Nothing may be changed. Give the entries below again exactly.

Collection entries:
__________________________________________________

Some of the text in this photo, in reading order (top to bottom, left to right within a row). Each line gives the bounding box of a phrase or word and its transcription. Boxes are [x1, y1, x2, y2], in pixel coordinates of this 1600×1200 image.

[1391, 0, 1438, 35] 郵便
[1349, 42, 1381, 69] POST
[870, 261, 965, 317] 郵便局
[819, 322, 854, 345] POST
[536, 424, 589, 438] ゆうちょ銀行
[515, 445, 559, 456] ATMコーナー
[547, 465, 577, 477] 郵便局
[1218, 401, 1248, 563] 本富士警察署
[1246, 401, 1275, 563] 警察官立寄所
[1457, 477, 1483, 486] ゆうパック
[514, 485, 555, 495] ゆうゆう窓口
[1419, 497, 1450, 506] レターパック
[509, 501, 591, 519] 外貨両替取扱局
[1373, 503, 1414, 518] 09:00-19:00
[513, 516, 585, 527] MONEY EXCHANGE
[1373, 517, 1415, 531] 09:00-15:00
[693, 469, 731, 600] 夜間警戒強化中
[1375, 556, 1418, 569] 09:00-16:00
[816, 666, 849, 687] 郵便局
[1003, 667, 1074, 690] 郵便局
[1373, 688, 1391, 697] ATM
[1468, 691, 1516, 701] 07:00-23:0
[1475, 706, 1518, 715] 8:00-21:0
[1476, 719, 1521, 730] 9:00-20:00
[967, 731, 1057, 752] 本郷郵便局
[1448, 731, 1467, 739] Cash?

__________________________________________________

Solution to the problem =>
Some of the text in this photo, in reading order (top to bottom, left to right within a row). Each line gives the bounding box of a phrase or word and its transcription. Boxes are [x1, y1, x2, y2], in pixel coordinates of this 1600×1200 image.

[1391, 0, 1438, 35] 郵便
[1349, 42, 1381, 69] POST
[870, 261, 965, 317] 郵便局
[819, 322, 854, 345] POST
[536, 424, 589, 438] ゆうちょ銀行
[515, 445, 559, 456] ATMコーナー
[547, 465, 577, 477] 郵便局
[1218, 401, 1248, 563] 本富士警察署
[1246, 401, 1275, 563] 警察官立寄所
[1457, 477, 1483, 486] ゆうパック
[514, 485, 555, 495] ゆうゆう窓口
[1419, 497, 1450, 506] レターパック
[509, 501, 591, 519] 外貨両替取扱局
[1373, 503, 1414, 518] 09:00-19:00
[513, 516, 585, 527] MONEY EXCHANGE
[1373, 517, 1415, 531] 09:00-15:00
[693, 469, 731, 600] 夜間警戒強化中
[1375, 556, 1418, 569] 09:00-16:00
[816, 666, 849, 687] 郵便局
[1003, 667, 1074, 690] 郵便局
[1373, 688, 1391, 697] ATM
[1468, 691, 1516, 701] 07:00-23:0
[1475, 706, 1518, 715] 8:00-21:0
[1476, 719, 1521, 730] 9:00-20:00
[967, 731, 1057, 752] 本郷郵便局
[1448, 731, 1467, 739] Cash?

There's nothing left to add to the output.